Strengths and Weaknesses of the Study

The principal advantage of this study is the methodology used. The ITS design makes it possible to analyse the impact of the COVID-19 pandemic on antibiotic prescribing [43,44].

By way of limitations, the nature of the study per se should be mentioned. The model used assumes a linear trend in the outcome, and this assumption may only hold over short intervals. Furthermore, the introduction of data broken down by month means that neither individual changes nor the impact of the pandemic on specific days (at the beginning or end of lockdown) can be shown. The study was carried out in one region of Spain; therefore, this geographical limitation could compromise the generalizability. Another study limitation lies in the fact that we do not know whether the initial decrease in the number of prescriptions might have been linked to an increase in the DDD of antibiotics prescribed by dentists working in the private sector or in hospital emergency services. Another study limitation is that the DDD of antibiotics are not correlated to the numbers of in-person consultations and telephone consultations during the pandemic.

Lastly, it should be stressed that the type of data analysed do not record the reason for prescribing, which means that our design does not allow for the appropriateness of prescriptions to be assessed. Thus, there is a need for further studies that would enable long-term changes in trend to be analysed.

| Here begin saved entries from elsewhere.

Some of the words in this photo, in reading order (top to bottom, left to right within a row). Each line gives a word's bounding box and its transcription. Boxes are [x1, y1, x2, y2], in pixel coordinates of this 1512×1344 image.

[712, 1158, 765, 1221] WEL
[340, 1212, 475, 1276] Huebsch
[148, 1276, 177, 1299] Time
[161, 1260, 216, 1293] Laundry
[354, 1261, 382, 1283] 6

The results of this study demonstrate the usefulness of using the WATCH classification to monitor appropriate antibiotic prescribing. These results could be disseminated through specific educational interventions for dentists to raise awareness for the prudent use of antibiotics.

4. Materials and Methods

4.1. Settings

Galicia is a region situated in the north of Spain, with an area of 29,434 km² and a population of 2.7 million. Healthcare for close to 100% of the population is covered by the Galician Health Service (Servizo Galego de Saúde/SERGAS). Dentistry forms part of primary care, with services including the examination of the oral cavity, treatment of acute processes and dental emergencies, oral surgeries, and preventative treatments. For the remaining dental procedures, such as root canal work or prosthetic rehabilitation, patients have to use a network of private clinics, which also provide the range of treatment offered by SERGAS dentists. This study was conducted using antibiotic prescription data relating to the dentists, some 100 in all, who work at SERGAS primary care buccodental health units [45]. In Spain, medications are dispensed at pharmacies and, in the case of antibiotics, are only available on prescriptions issued by dentists among other health professionals.

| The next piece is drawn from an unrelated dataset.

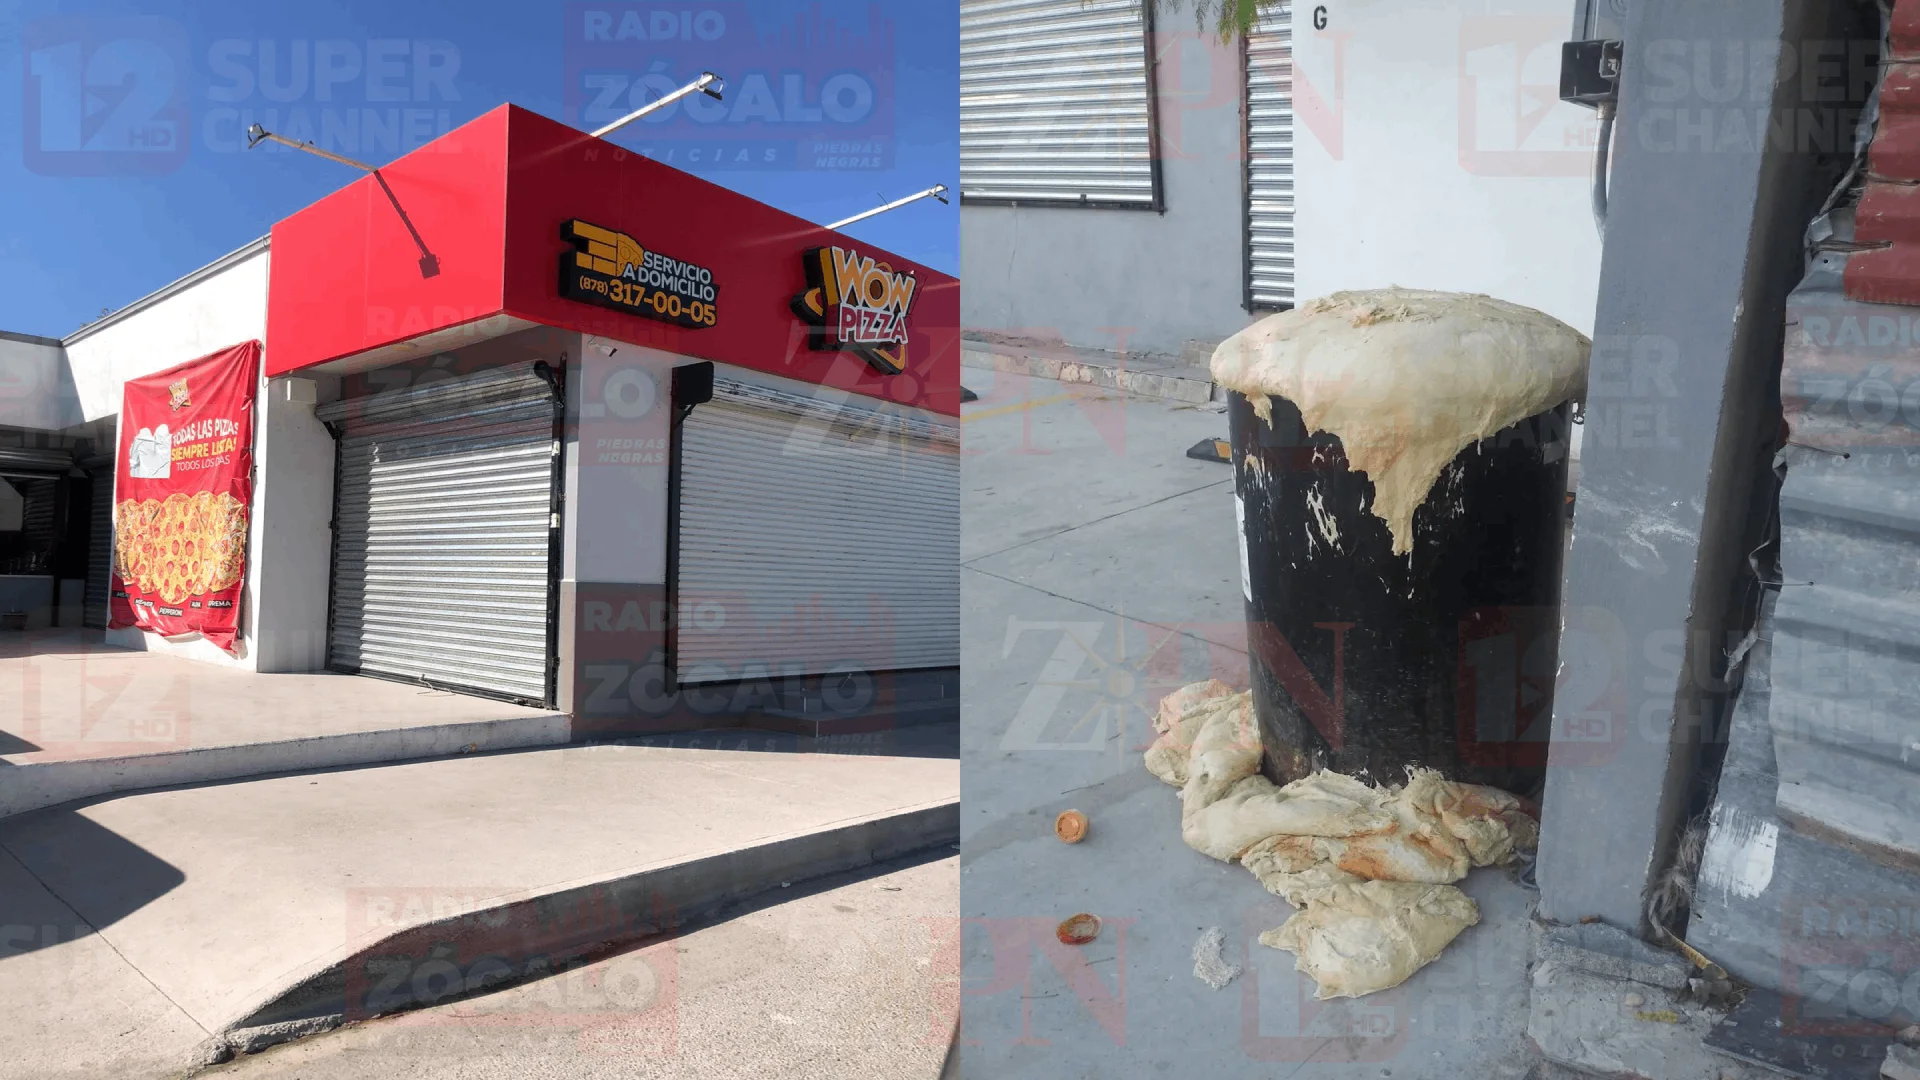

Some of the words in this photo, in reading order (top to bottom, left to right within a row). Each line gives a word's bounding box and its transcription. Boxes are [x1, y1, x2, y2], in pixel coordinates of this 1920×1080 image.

4.2. Study Design and Data Collection

We used a natural, before-and-after, quasi-experimental design, with monthly data for the period from January 2017 to May 2021. This design, which enables causal effects to be estimated after controlling for baseline levels and trends [46], is suitable for assessing the impact of the pandemic and confinement, since these are time-delimited interventions, and the longitudinal nature of the data provide the analysis with a special robustness [47,48].

The drug class targeted by this paper comprises antibacterials for systemic use (Anatomical Therapeutic Chemical code J01) [49], prescribed in outpatient settings by dentists in the public health sector.

4.3. Data Source

For study purposes, antibiotic prescription data were obtained from the SERGAS Pharmacy Information System for Complex Pharmacy Service Analyses (Sistema Corporativo de Información de Análisis Complejos Prestación Farmacéutica). This shows all medications dispensed by community pharmacies in the health area, based on official prescriptions billed to the Public Health Service. Data from primary-care dentists were selected. There was no change in the system across the study period.

4.4. Definition of Variables

We calculated the number of monthly defined daily doses (DDD), defined as the average maintenance dose per day for a drug for its main indication [50].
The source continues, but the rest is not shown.